# Can anybody help me with taylor series/differential equations?

1. May 23, 2008

### jeebs

This is for revision purposes (not homework so im not trying to cheat my way out of it!) and its too late in the week to see my lecturer about this. I dont have much of an attempt at the solution because i haven't got a clue where to start. It looks like just a short one though. Here goes...

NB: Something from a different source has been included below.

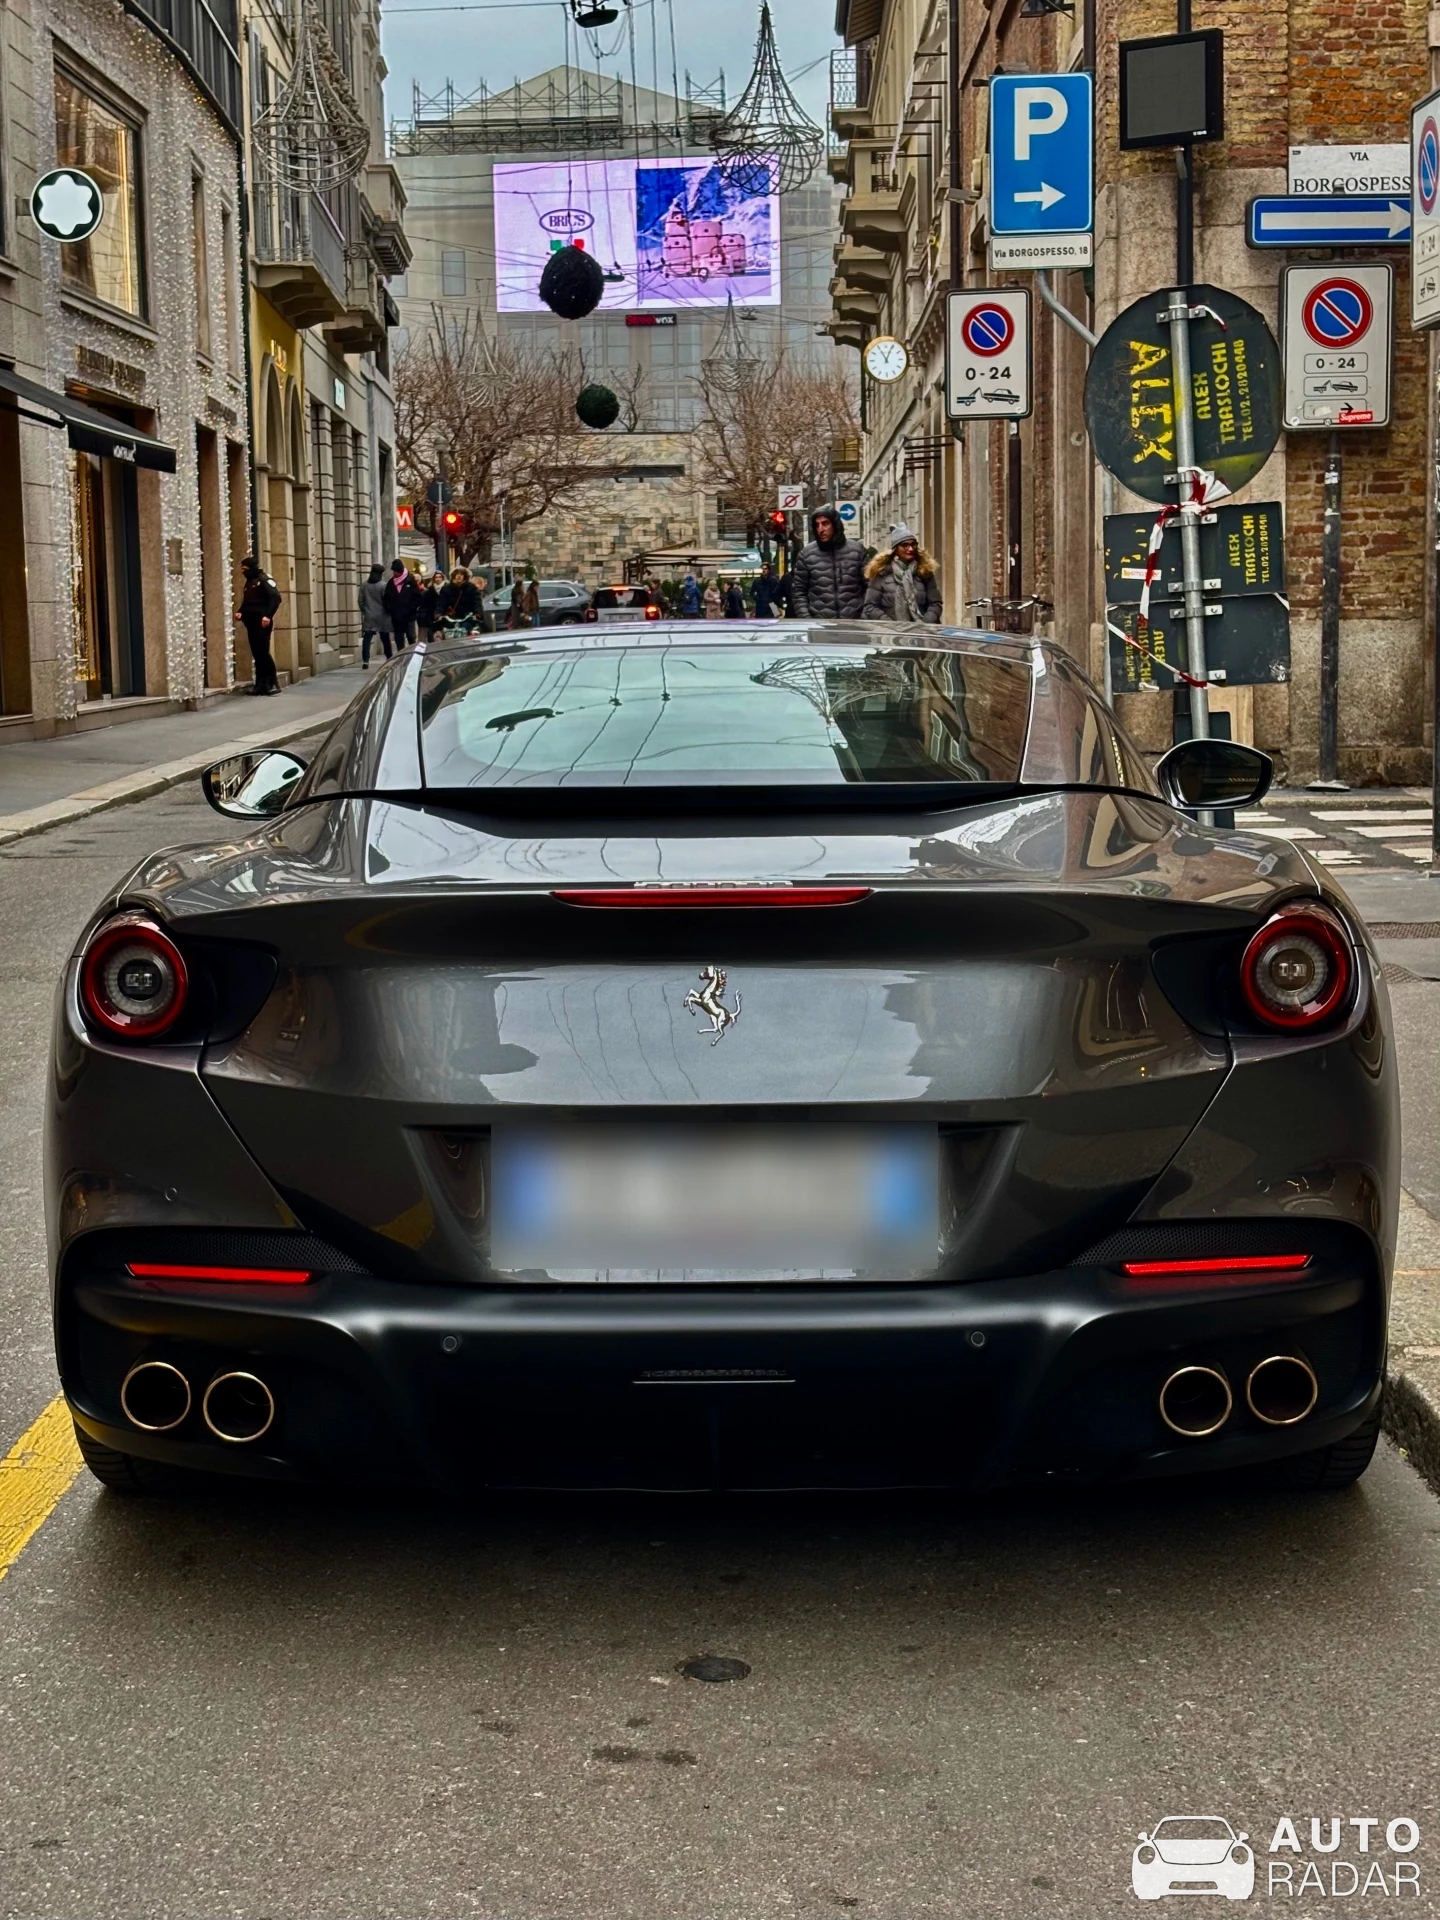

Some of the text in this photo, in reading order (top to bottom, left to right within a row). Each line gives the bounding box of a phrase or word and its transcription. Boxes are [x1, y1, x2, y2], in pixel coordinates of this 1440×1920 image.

I've got this problem, show that the taylor series for the function y=y(x) satisfying the differential equation

d^2y / dx^2 - (x^3)dy/dx = tan^-1(x)

with initial conditions y(0) = y'(0) = 1, begins

y = 1 + x + (x^3)/6 + (x^5)/30 +...

where

tan^-1(x) = x - (x^3)/3 + (x^5)/5 -...

i dont really have a clue what im meant to do here. im pretty new to Taylor series. could somebody give me some instructions about how to tackle this problem?

thanks.

all i've got so far is:

the n=0 term is 1, and the coefficient of x is just 1, and also

d^2y / dx^2 - (x^3)dy/dx = x - (x^3)/3 + (x^5)/5 -...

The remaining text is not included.